#### HOW TO COMPLETE THIS TASK:
In your copy, leave out the pictures and repeat every record exactly.

Annotated photo localization data
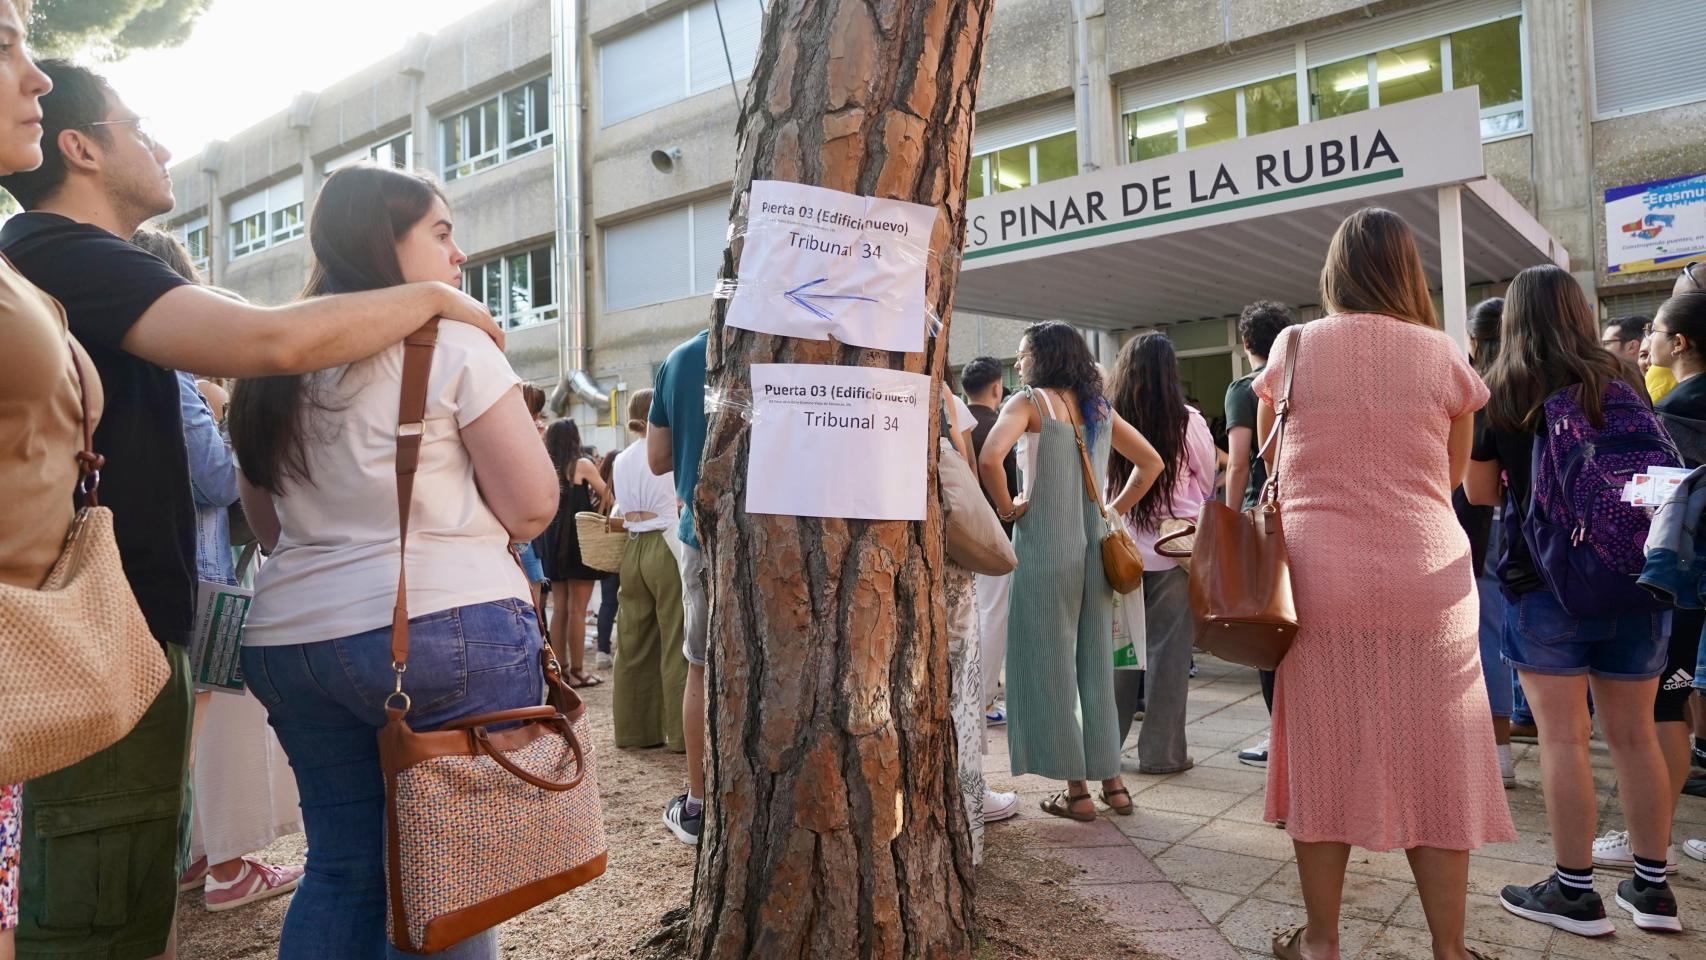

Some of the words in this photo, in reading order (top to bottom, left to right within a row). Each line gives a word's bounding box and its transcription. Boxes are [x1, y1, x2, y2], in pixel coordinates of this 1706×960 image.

[965, 215, 988, 247] S
[1000, 190, 1108, 241] PINAR
[1121, 175, 1173, 218] DE
[1188, 163, 1241, 203] LA
[1255, 128, 1400, 191] RUBIA
[1649, 187, 1706, 205] Erasmu
[762, 201, 795, 216] Perta
[799, 206, 814, 219] 03
[865, 219, 909, 237] nuevo)
[789, 231, 852, 257] Tribunal
[861, 243, 882, 260] 34
[764, 384, 807, 396] Puerta
[810, 385, 827, 397] 03
[830, 385, 882, 401] (Edificio
[804, 411, 875, 430] Tribunal
[883, 415, 899, 432] 34

#### ANSWER TO THE PROBLEM:
Some of the words in this photo, in reading order (top to bottom, left to right within a row). Each line gives a word's bounding box and its transcription. Boxes are [x1, y1, x2, y2], in pixel coordinates of this 1706×960 image.

[965, 215, 988, 247] S
[1000, 190, 1108, 241] PINAR
[1121, 175, 1173, 218] DE
[1188, 163, 1241, 203] LA
[1255, 128, 1400, 191] RUBIA
[1649, 187, 1706, 205] Erasmu
[762, 201, 795, 216] Perta
[799, 206, 814, 219] 03
[865, 219, 909, 237] nuevo)
[789, 231, 852, 257] Tribunal
[861, 243, 882, 260] 34
[764, 384, 807, 396] Puerta
[810, 385, 827, 397] 03
[830, 385, 882, 401] (Edificio
[804, 411, 875, 430] Tribunal
[883, 415, 899, 432] 34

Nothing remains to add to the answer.